_Collected data entries_
↓

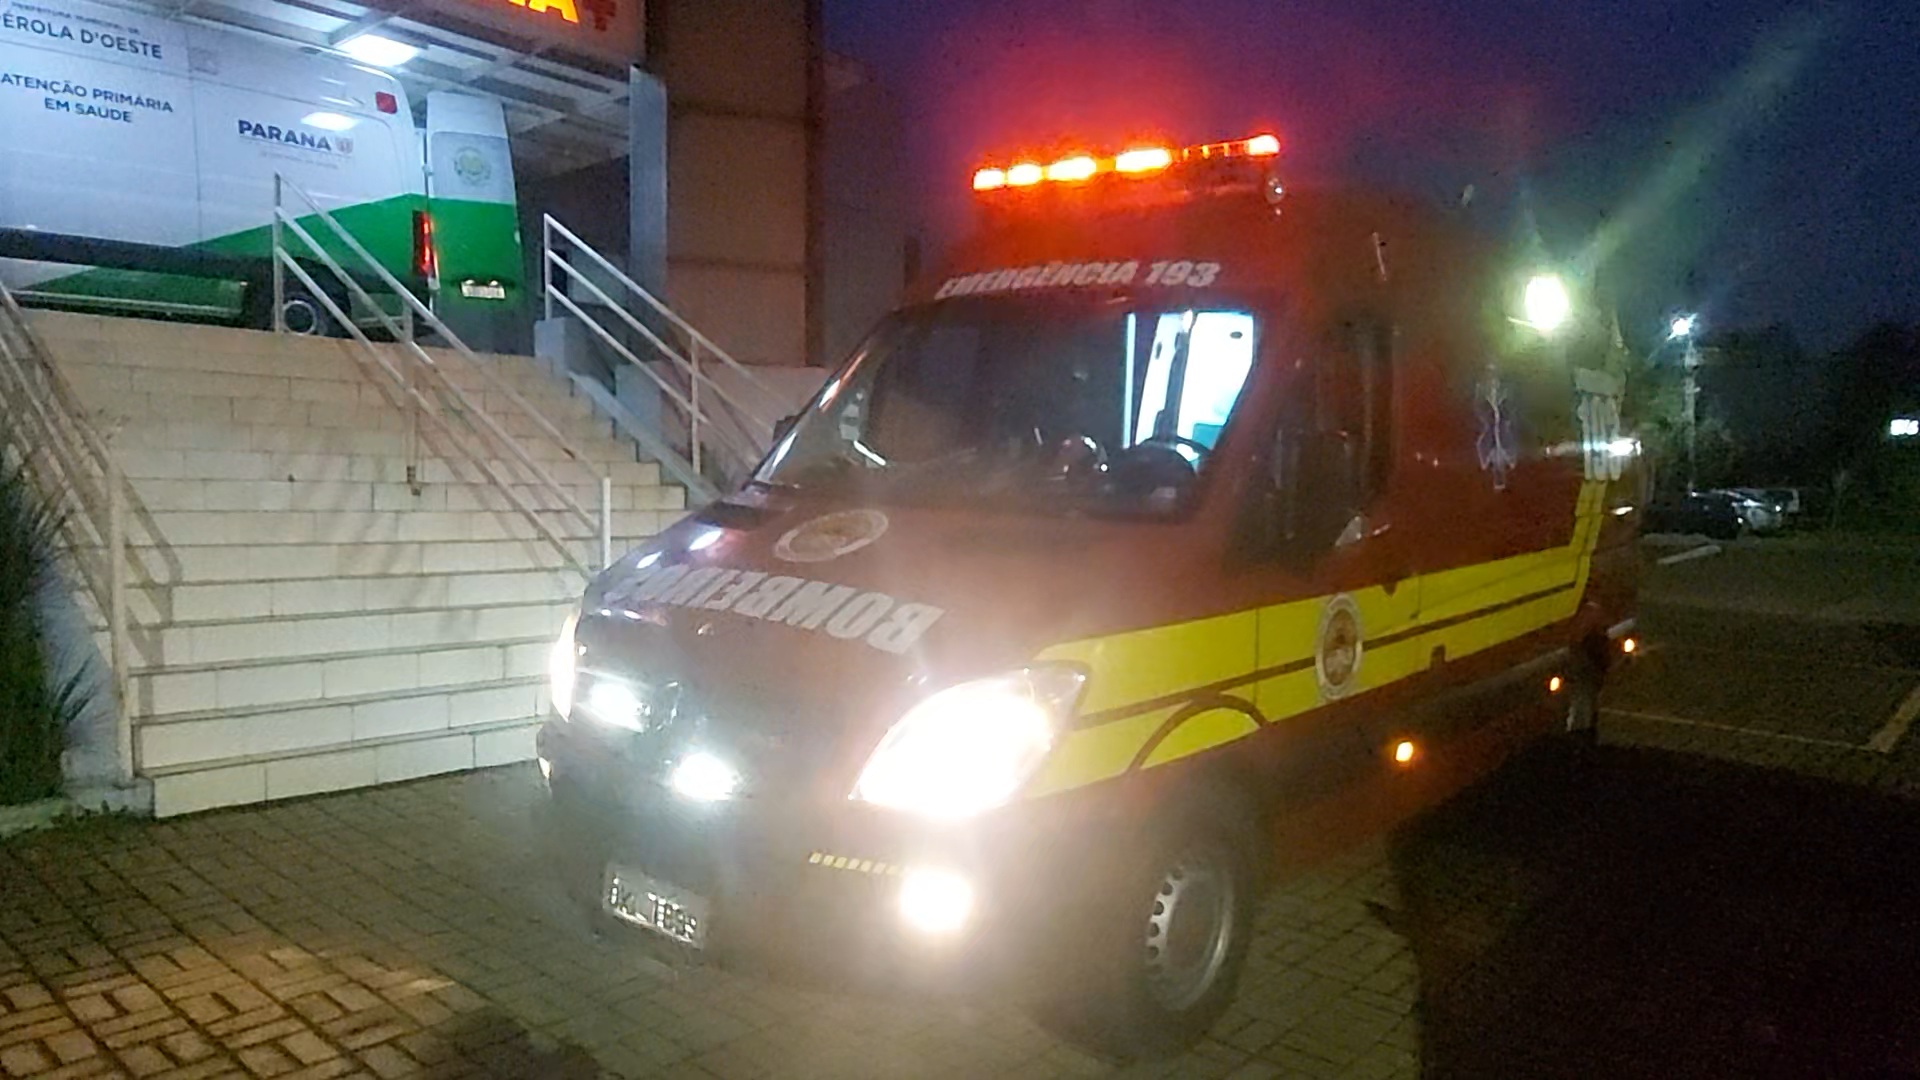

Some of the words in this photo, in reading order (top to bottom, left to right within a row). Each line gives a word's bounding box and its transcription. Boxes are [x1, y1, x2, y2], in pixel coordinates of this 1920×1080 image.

[0, 10, 75, 41] ÉROLA
[80, 28, 163, 59] D'OESTE
[0, 72, 88, 97] ATENÇÃO
[44, 97, 70, 112] EM
[1145, 259, 1220, 287] 193

↑

Leaving the pictures aside, repeat the data above exactly.

Some of the words in this photo, in reading order (top to bottom, left to right within a row). Each line gives a word's bounding box and its transcription. Boxes are [x1, y1, x2, y2], in pixel coordinates of this 1920×1080 image.

[0, 10, 75, 41] ÉROLA
[80, 28, 163, 59] D'OESTE
[0, 72, 88, 97] ATENÇÃO
[44, 97, 70, 112] EM
[1145, 259, 1220, 287] 193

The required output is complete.